SOURCE DATA:
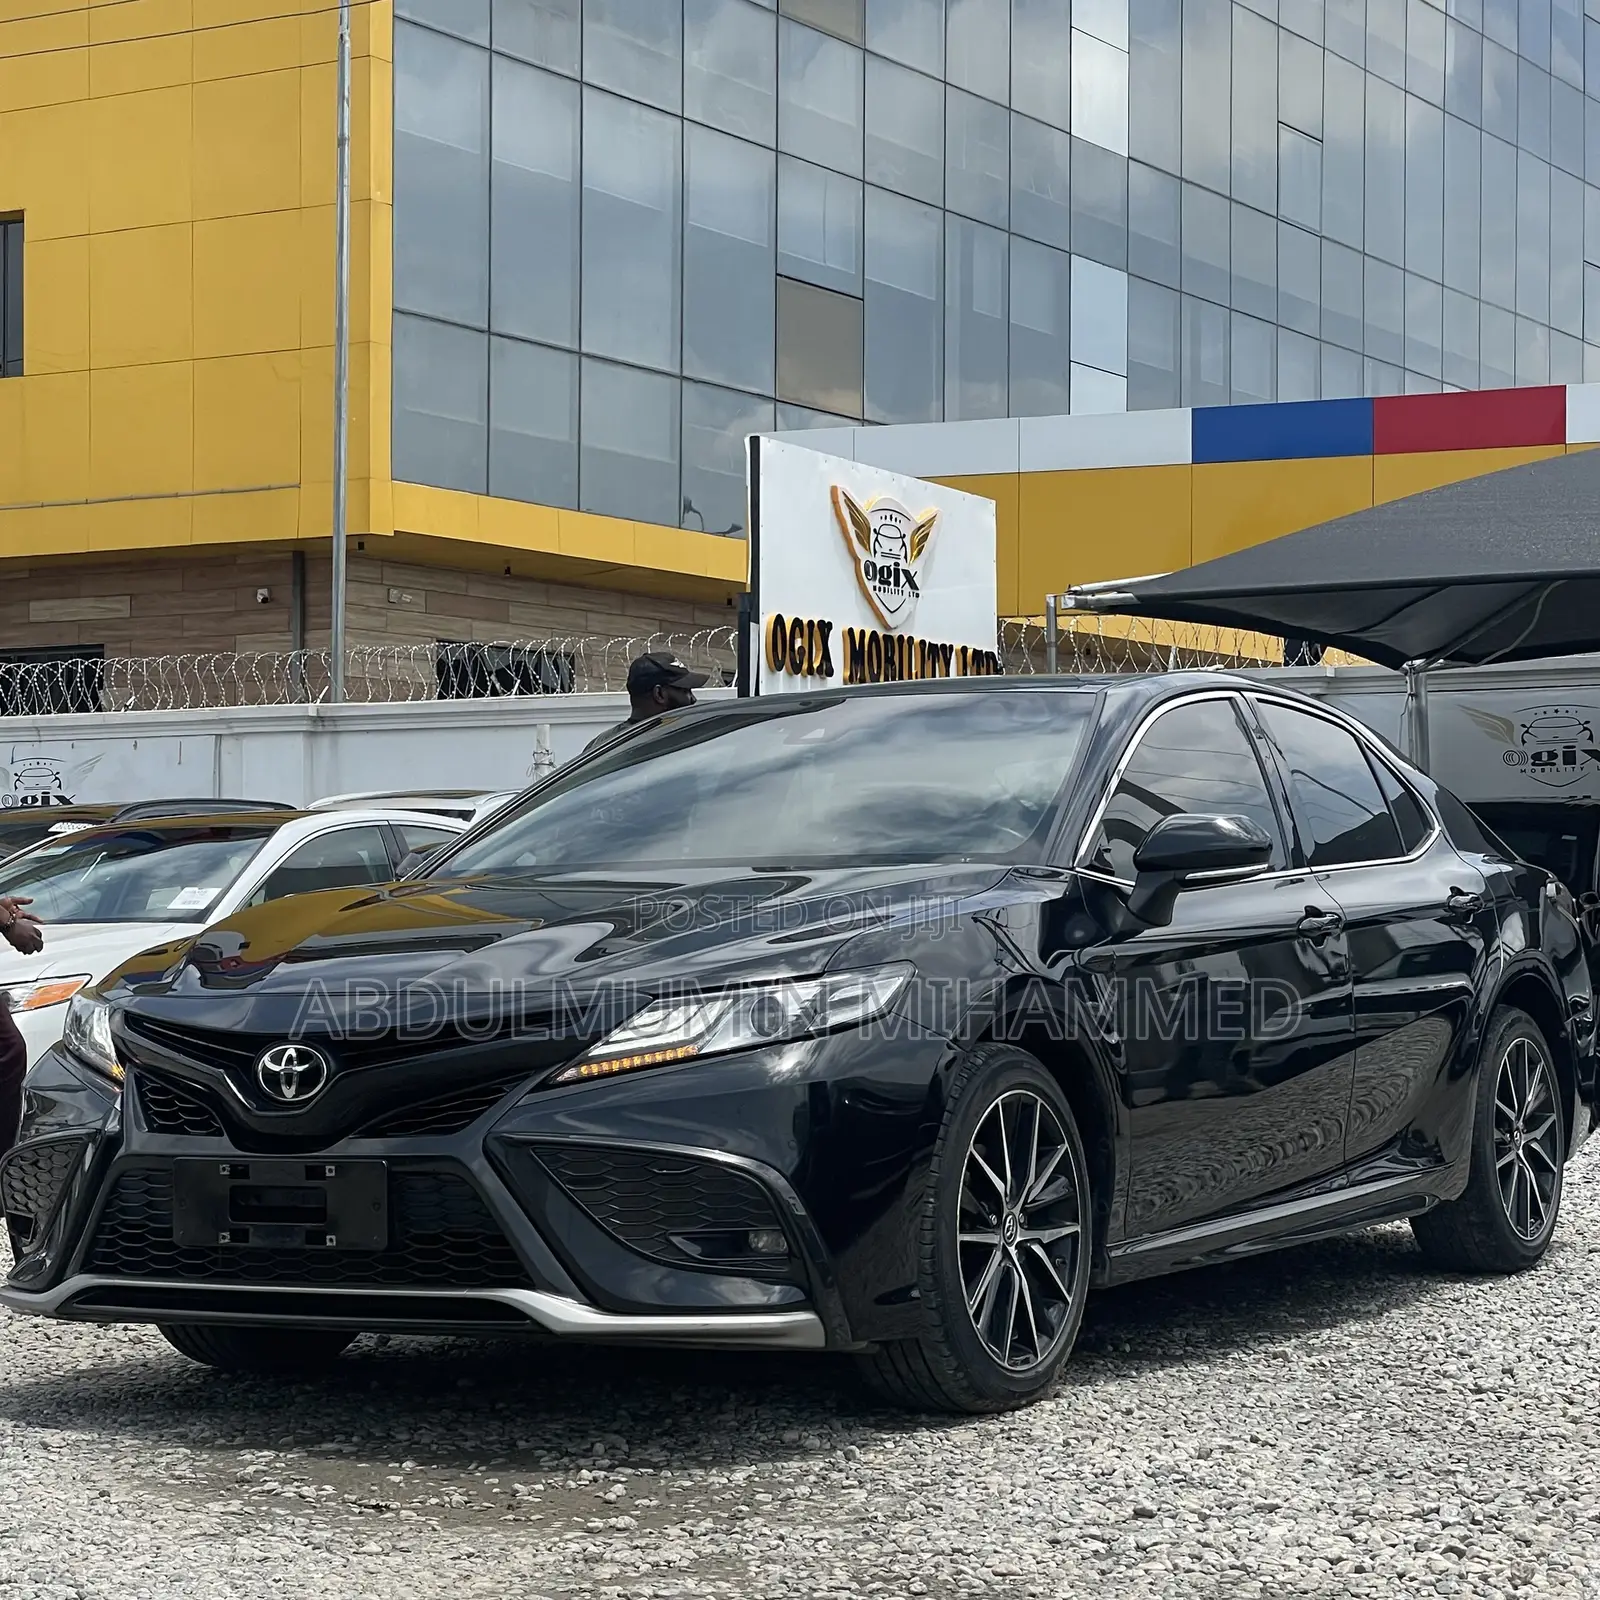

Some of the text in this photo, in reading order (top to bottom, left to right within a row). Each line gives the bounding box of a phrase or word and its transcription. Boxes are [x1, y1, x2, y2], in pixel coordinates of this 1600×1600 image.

[765, 613, 834, 678] OGIX
[842, 626, 954, 685] MOBILITY
[1520, 766, 1584, 774] MOBILITY
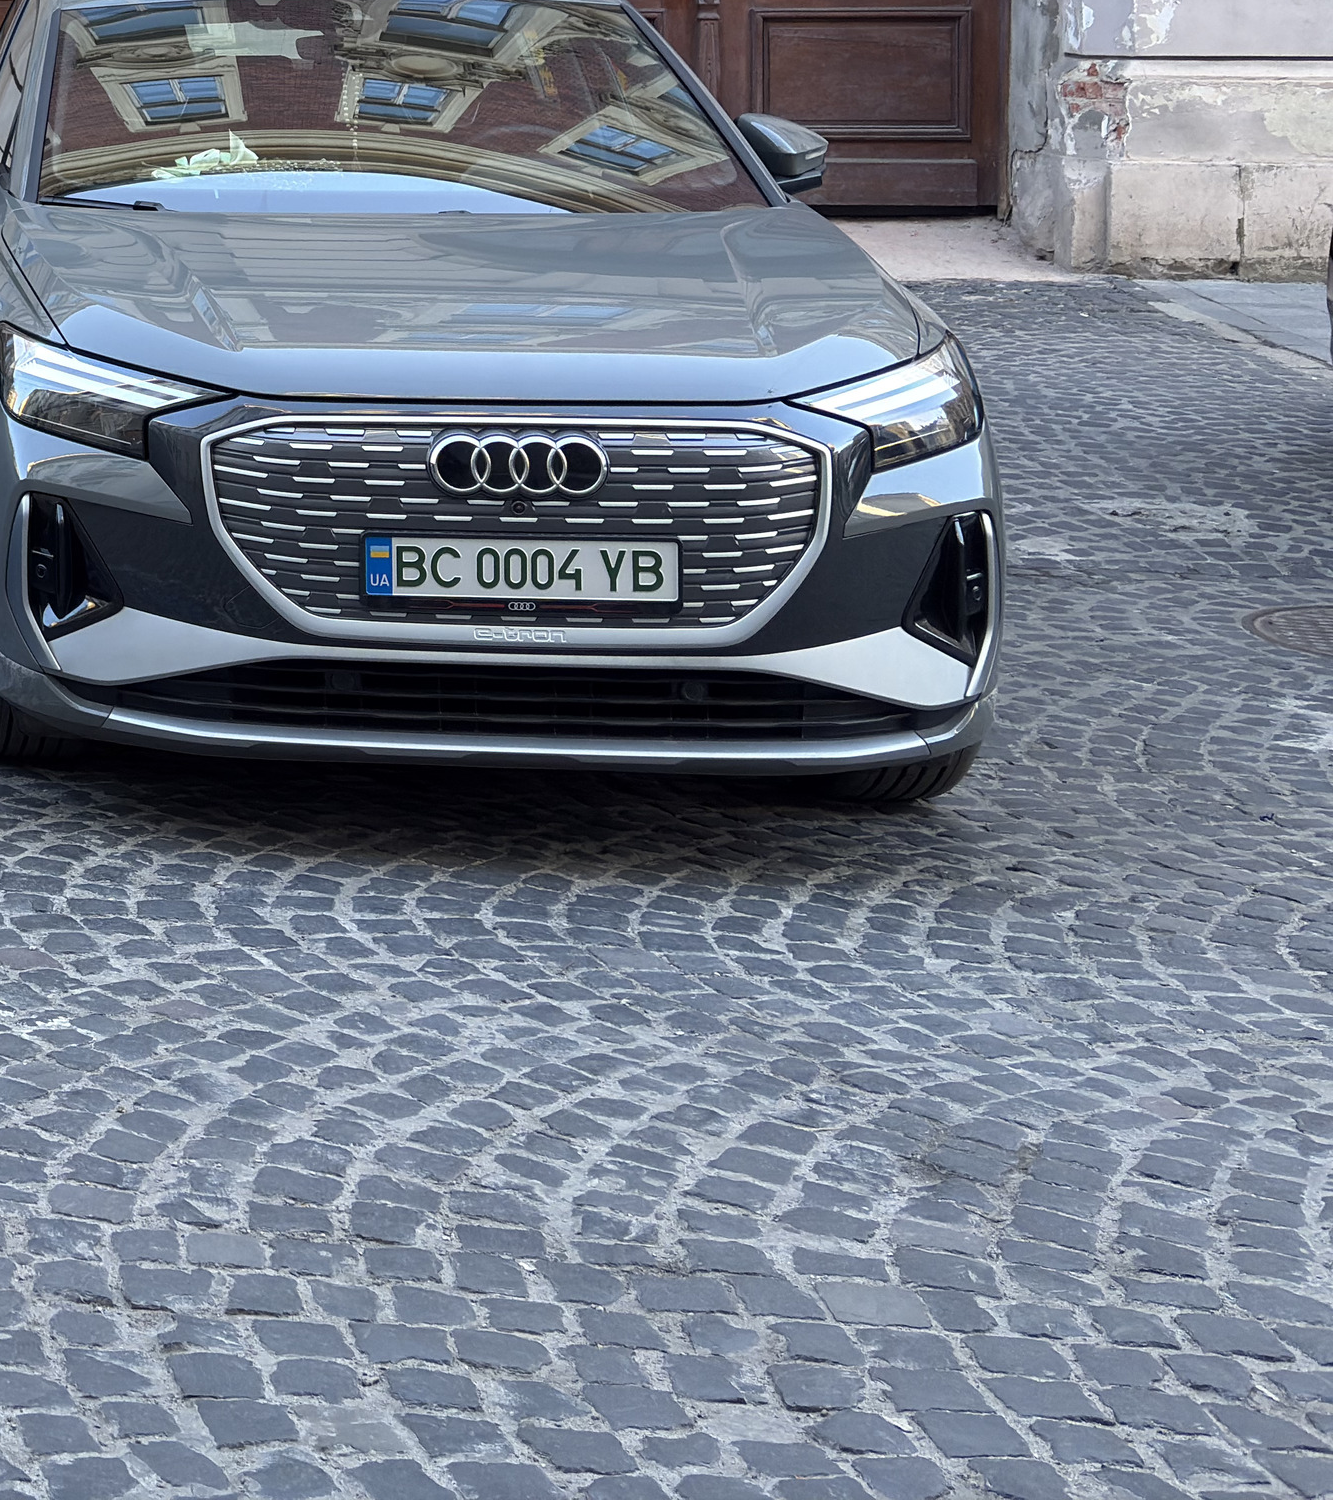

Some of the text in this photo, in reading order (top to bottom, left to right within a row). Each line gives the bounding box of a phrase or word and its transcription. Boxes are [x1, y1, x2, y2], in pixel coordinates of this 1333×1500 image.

[476, 547, 583, 592] 0004
[370, 574, 390, 588] UA
[473, 626, 567, 643] e-tron

TASK DETAILS: Only the lines from the one containing "this 1333×1500 image." through the final line above should be duplicated, exactly as they stand.

REPLY:
Some of the text in this photo, in reading order (top to bottom, left to right within a row). Each line gives the bounding box of a phrase or word and its transcription. Boxes are [x1, y1, x2, y2], in pixel coordinates of this 1333×1500 image.

[476, 547, 583, 592] 0004
[370, 574, 390, 588] UA
[473, 626, 567, 643] e-tron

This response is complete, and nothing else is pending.